US data center performance degradation

Incident Report for Cronofy

Postmortem

On Wednesday, October 2nd between 00:56 and 01:04 UTC, an increasing number of requests to app.cronofy.com and api.cronofy.com failed entirely or timed out while being processed.

The root cause was our primary database being unable to process requests in a timely fashion. The subsequent back pressure then caused dependent services to time out resulting in an outage.

Timeline

00:56 - Primary database begins showing signs of congestion.

00:57 - Timeouts start being reported by monitoring.

00:59 - Initial alerting thresholds are breached. On-call engineer is notified.

01:00 - Investigation begins. app.cronofy.com and api.cronofy.com return timeout statuses.

01:01 - Additional alert thresholds for API response and HTTP status breached.

01:04 - Confirmation of performance degradation.

01:04 - Database congestion clears.

01:04 - Last timeout statuses are returned. app.cronofy.com and api.cronofy.com return healthy statuses.

01:05 - Rate limits hit for some clients as failed requests are retried in bulk.

01:09 - Engineer confirms resumption of service.

01:10 - 02:40 - Investigation and monitoring

Retrospective

We ask three primary questions in our retrospective:

Could we have resolved it sooner?
Could we have identified it sooner?
Could we have prevented it?

While this issue resolved itself before engineer intervention it could arguably have done so sooner.

The initial identification of issues routing requests from our load balancers to our servers, while correct, has ultimately proven to be a symptom rather than the root cause and, though our services did effectively self-heal, we have identified areas for improvement that should enable them to avoid the need to do so in future.

This incident has also highlighted some gaps in our monitoring that would have enabled us to take action before the point at which timeouts began to be returned and made identifying the root cause a simpler task.

Actions

We’re going to be spending some time re-working and improving our database monitoring to address the areas we’ve identified. They’re largely 1-in-a-million events but, when processing the number of events we do, that’s more frequent than we feel is acceptable.

We’ll be adding additional telemetry and improving our handling of database statements. This is to enable us to notice negative trends in performance well in advance of them becoming an issue and to be even more robust in how we handle them.

We’re adding a new section to our playbook to cover additional actions for scenarios similar to aid in speeding up our response.

Posted Oct 03, 2024 - 16:31 UTC

Resolved

US data center performance has remained normal and the incident is resolved.
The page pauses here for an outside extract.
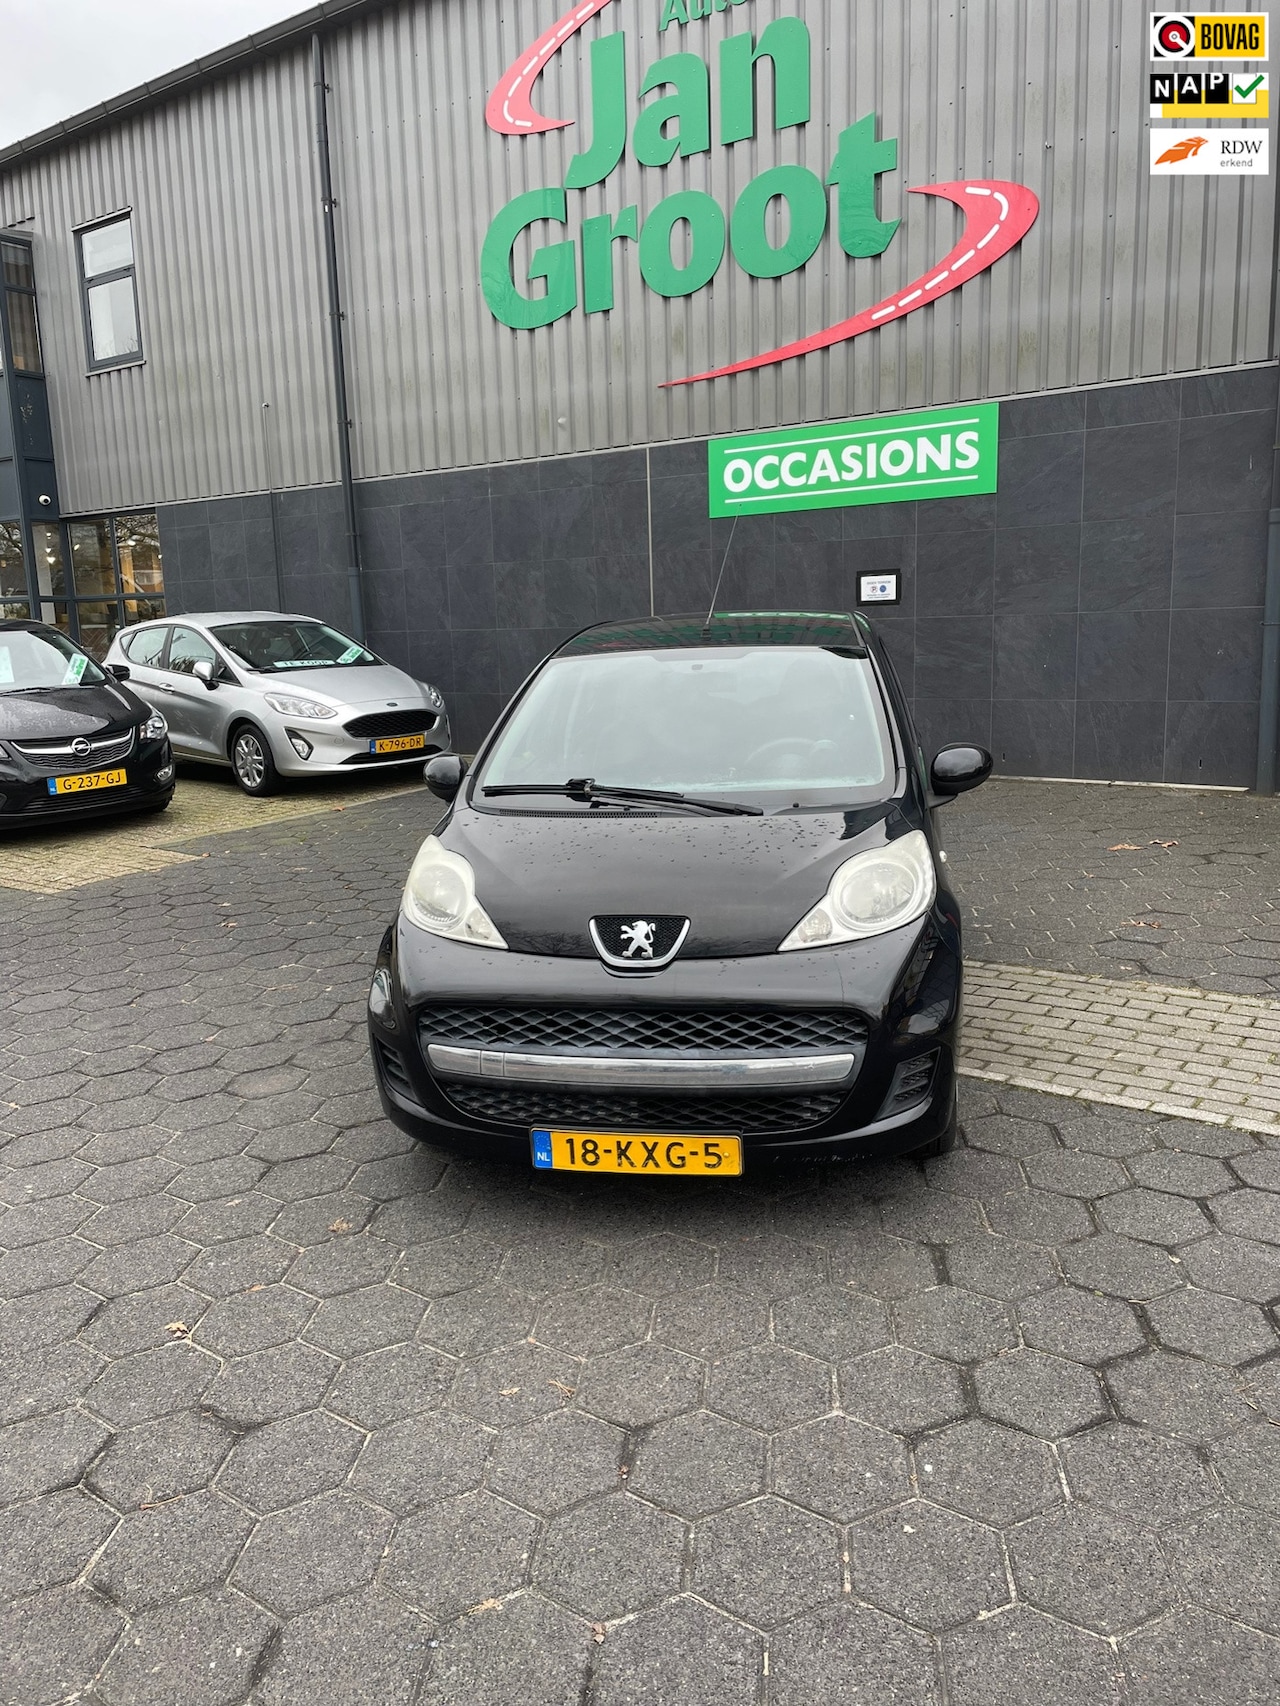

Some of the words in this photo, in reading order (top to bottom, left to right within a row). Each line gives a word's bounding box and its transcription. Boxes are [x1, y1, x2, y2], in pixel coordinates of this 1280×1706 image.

Around 00:56 UTC inbound traffic to api.cronofy.com and app.cronofy.com began to show signs of performance degradation. This was observed to be an issue routing traffic from our load balancers to their respective target groups and on to our servers.

This resulted in an increase in processing time which, in turn, resulted in some requests timing out.

By 01:04 UTC the issue with the load balancers routing traffic had been resolved and traffic flow returned to usual levels.

A small backlog of requests was worked through by 01:10 UTC and normal operations resumed.

A postmortem of the incident will take place and be attached to this incident in the next 48 hours. If you have any queries in the interim, please contact us at support@cronofy.com.

Posted Oct 02, 2024 - 02:38 UTC

Monitoring

We're continuing to monitor traffic flow but all indicators show that, an increase in incoming traffic being retried remotely aside, as of 01:06 UTC routing had returned to normal.

Posted Oct 02, 2024 - 02:11 UTC

Identified

Performance has returned to expected levels.

Between 00:56 and 01:04 UTC, traffic making it's way from our load balancers to our servers did not do so in a timely manner. This will have resulted in possible timeouts for requests to api.cronofy.com and app.cronofy.com and potential server errors for API integrators and Scheduler users.

Posted Oct 02, 2024 - 01:55 UTC

Investigating

We have seen some performance degradation in our US data center.

Initial findings appear similar to those of 26 Sept 2024. Improved monitoring has highlighted this issue earlier and we are in the process of investigating further.

Posted Oct 02, 2024 - 01:42 UTC

This incident affected: Scheduler, API, and Background Processing.